▶ How to complete this task: Return only the tail of the data below, word for word: the line with "this 1328×1328 image." and each line after it through the final one.

▶ Listed records:

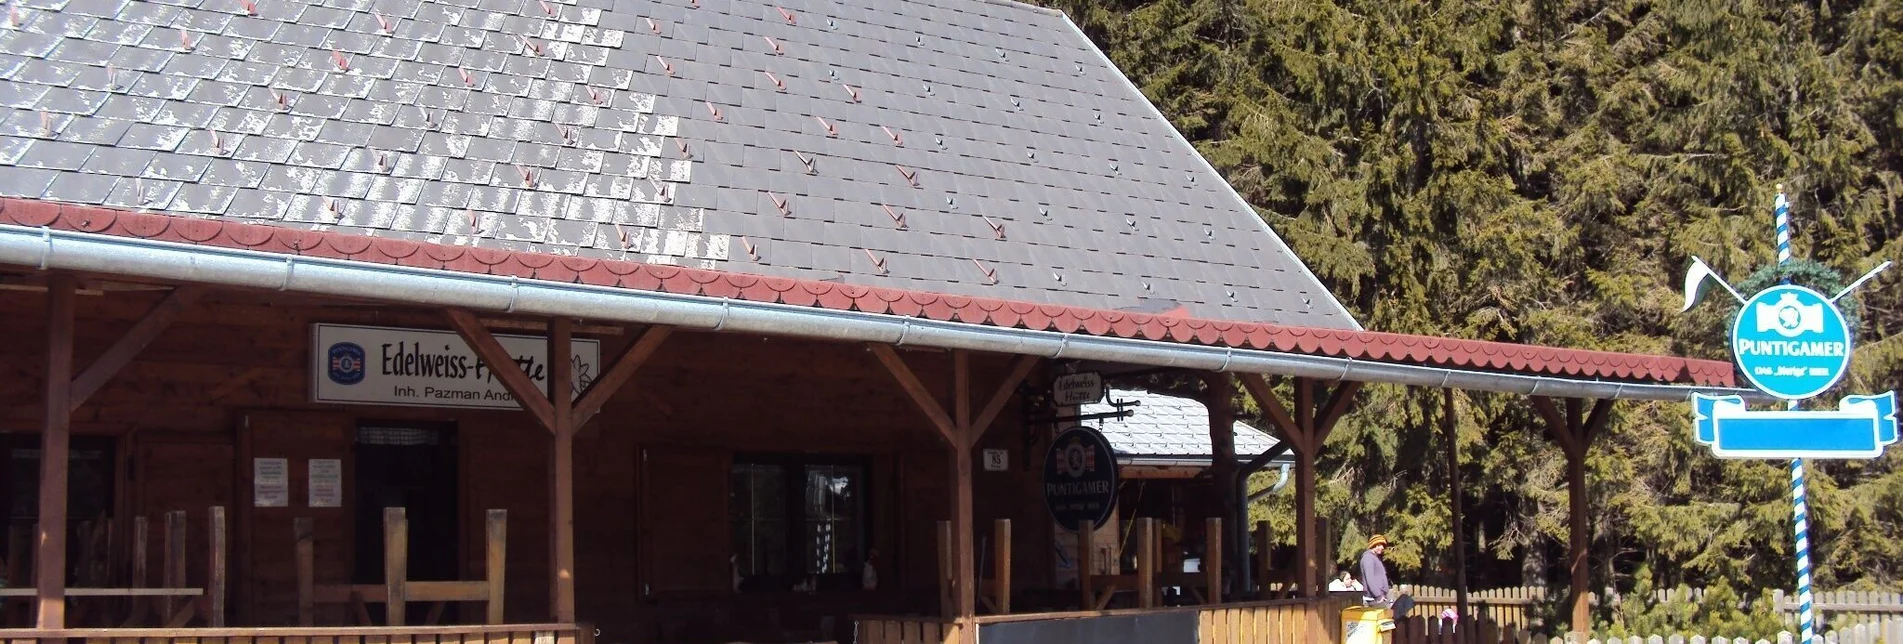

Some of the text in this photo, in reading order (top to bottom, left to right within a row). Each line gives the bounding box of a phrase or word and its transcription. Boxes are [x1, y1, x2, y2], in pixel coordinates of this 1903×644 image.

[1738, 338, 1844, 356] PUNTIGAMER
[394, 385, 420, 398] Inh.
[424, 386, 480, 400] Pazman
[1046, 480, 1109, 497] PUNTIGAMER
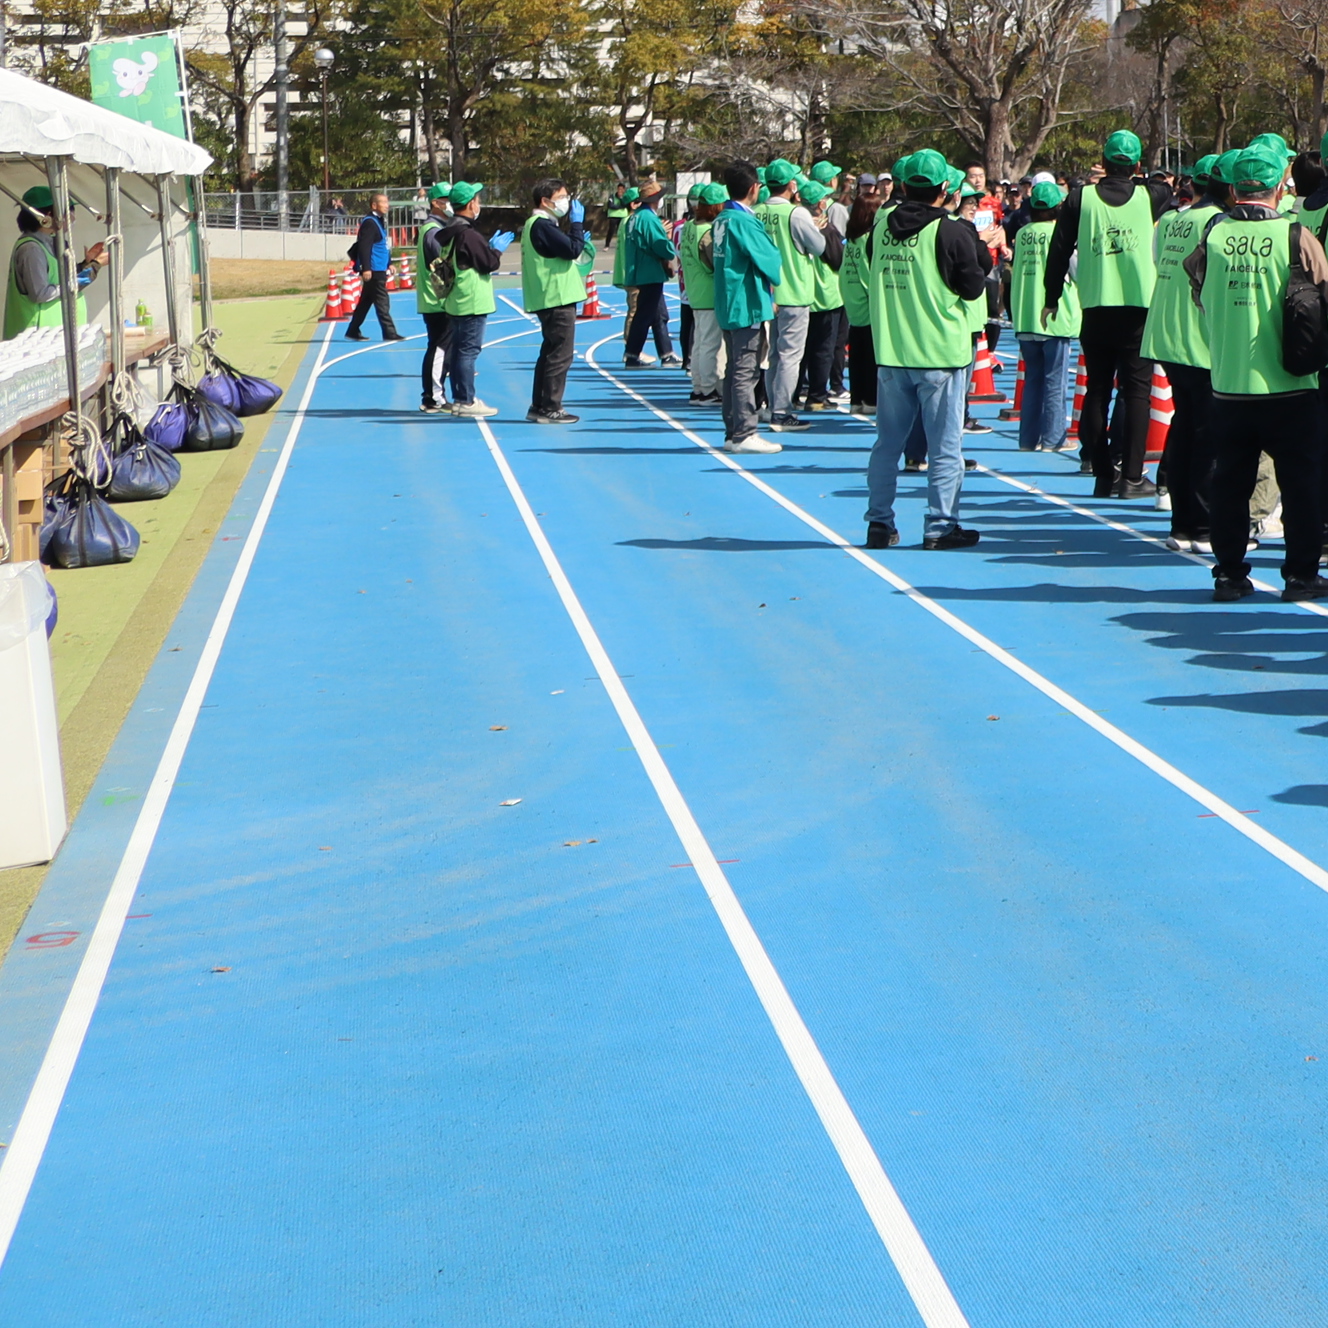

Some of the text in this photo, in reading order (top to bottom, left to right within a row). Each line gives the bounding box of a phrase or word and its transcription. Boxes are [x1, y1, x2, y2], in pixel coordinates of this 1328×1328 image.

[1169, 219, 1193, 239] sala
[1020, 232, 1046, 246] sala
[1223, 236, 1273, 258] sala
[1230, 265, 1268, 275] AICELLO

▶ Answer area:
Some of the text in this photo, in reading order (top to bottom, left to right within a row). Each line gives the bounding box of a phrase or word and its transcription. Boxes are [x1, y1, x2, y2], in pixel coordinates of this 1328×1328 image.

[1169, 219, 1193, 239] sala
[1020, 232, 1046, 246] sala
[1223, 236, 1273, 258] sala
[1230, 265, 1268, 275] AICELLO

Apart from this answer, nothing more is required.